Proxocket written by Luigi Auriemma. It intercepts API calls and saves captured traffic as Wireshark-ready .cap file in tcpdump format. Nothing is more explanatory than an image provided by Luigi himself:
NirSoft has SocketSniff application which allows one to capture a traffic of a specific process. A picture is worth a thousand words as well:
Sadly, mentioned tools would likely not support 64-bit applications. However it is possible to write a custom interceptor using mhook library supporting both 32-bit and 64-bit API.
4The easiest one to use is Fiddler 2. It is a debugger that allows you to view HTTP,HTTPS and FTP (both if configured) requests with any application on your PC.
After you install it, to target a specific application simply click and hold the menu item "Any Process" then drag the cursor to the open window and release it.
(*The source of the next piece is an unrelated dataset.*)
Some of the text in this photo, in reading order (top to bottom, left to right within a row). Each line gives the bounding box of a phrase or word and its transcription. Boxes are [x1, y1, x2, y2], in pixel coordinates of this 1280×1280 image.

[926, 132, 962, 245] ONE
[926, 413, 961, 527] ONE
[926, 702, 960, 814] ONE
It will only show that targeted application until you right-click on the menu item that now reads the targeted process in red text to release it.
1Microsoft Network Monitor might allow you to say "capture only packets sent to and from this application".
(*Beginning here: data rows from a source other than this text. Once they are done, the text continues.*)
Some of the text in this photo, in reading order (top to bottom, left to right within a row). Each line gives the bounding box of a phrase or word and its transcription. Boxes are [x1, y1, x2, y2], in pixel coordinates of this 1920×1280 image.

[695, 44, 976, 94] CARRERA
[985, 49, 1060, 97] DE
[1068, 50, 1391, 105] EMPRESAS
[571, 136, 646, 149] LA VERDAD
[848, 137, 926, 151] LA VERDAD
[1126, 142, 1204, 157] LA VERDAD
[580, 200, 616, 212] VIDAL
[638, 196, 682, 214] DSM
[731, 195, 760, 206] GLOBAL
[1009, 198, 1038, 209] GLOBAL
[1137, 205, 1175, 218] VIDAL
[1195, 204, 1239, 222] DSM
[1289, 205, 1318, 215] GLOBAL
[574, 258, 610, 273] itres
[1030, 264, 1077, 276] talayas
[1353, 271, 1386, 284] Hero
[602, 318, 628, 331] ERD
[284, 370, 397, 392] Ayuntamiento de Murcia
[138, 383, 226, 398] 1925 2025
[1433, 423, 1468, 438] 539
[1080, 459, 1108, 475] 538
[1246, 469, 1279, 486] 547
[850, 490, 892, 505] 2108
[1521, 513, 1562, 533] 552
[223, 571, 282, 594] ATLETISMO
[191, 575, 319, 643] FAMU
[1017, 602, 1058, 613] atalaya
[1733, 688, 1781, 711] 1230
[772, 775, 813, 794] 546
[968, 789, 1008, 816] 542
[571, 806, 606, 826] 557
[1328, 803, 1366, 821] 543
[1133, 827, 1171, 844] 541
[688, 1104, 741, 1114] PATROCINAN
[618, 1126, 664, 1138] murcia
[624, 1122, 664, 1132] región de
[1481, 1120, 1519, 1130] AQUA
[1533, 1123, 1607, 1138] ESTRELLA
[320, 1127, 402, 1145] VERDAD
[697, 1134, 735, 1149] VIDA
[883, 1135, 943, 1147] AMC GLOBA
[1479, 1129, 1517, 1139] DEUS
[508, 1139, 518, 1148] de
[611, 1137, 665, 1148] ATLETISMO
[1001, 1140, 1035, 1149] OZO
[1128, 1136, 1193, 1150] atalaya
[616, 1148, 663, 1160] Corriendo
2I believe that Capsa should be able to do the things that you're looking for.
chinese free edition
english trial editon
Here's an overview from their own site:
Portable Network Analyzer Freeware for Your LAN Network Capsa Free is a network analyzer freeware for Ethernet monitoring, troubleshooting and analysis. It provides users with great experience to learn how to monitor network activities, pinpoint network problems, enhance network security. Capsa Free is a special edition of Capsa Network Analyzer for students, teachers and computer geeks to learn protocols and networking technology knowledge.
It has the following relevant features:
- Monitor your network traffic
- Capture http,https,udp,tcp traffics and categorized by name of processes.
- Analyse the detail information within a packet in hex format.
You could download the enterprise version with subscription.
Alternativly,you could download a permanent free version (but in chinese language).
P.S. I'm just a student major in CS,and not affiliated with the product ,and I'm sure I have followed how to recommend software in answers.I'm caucious because my answer have once been flagged as a spam(Post here).And hope this time my answer would help you.
On windows, TCPView should do what you need: it can show you all the TCP and UDP connections that a particular program has open.
However, I think this is only going to be helpful if the program is opening a connection and leaving it open; they're not going to show you all network traffic by a particular program. It's possible, for instance, that it makes a very brief phone-home call as it loads, but the connection is gone by the time you run TCPView.
Process Monitor may help with getting more detail, but I haven't used it so I'm not sure how much it captures about network sockets.
2proxifier :
That's good program to set up proxy for your sepcial application on windows OS.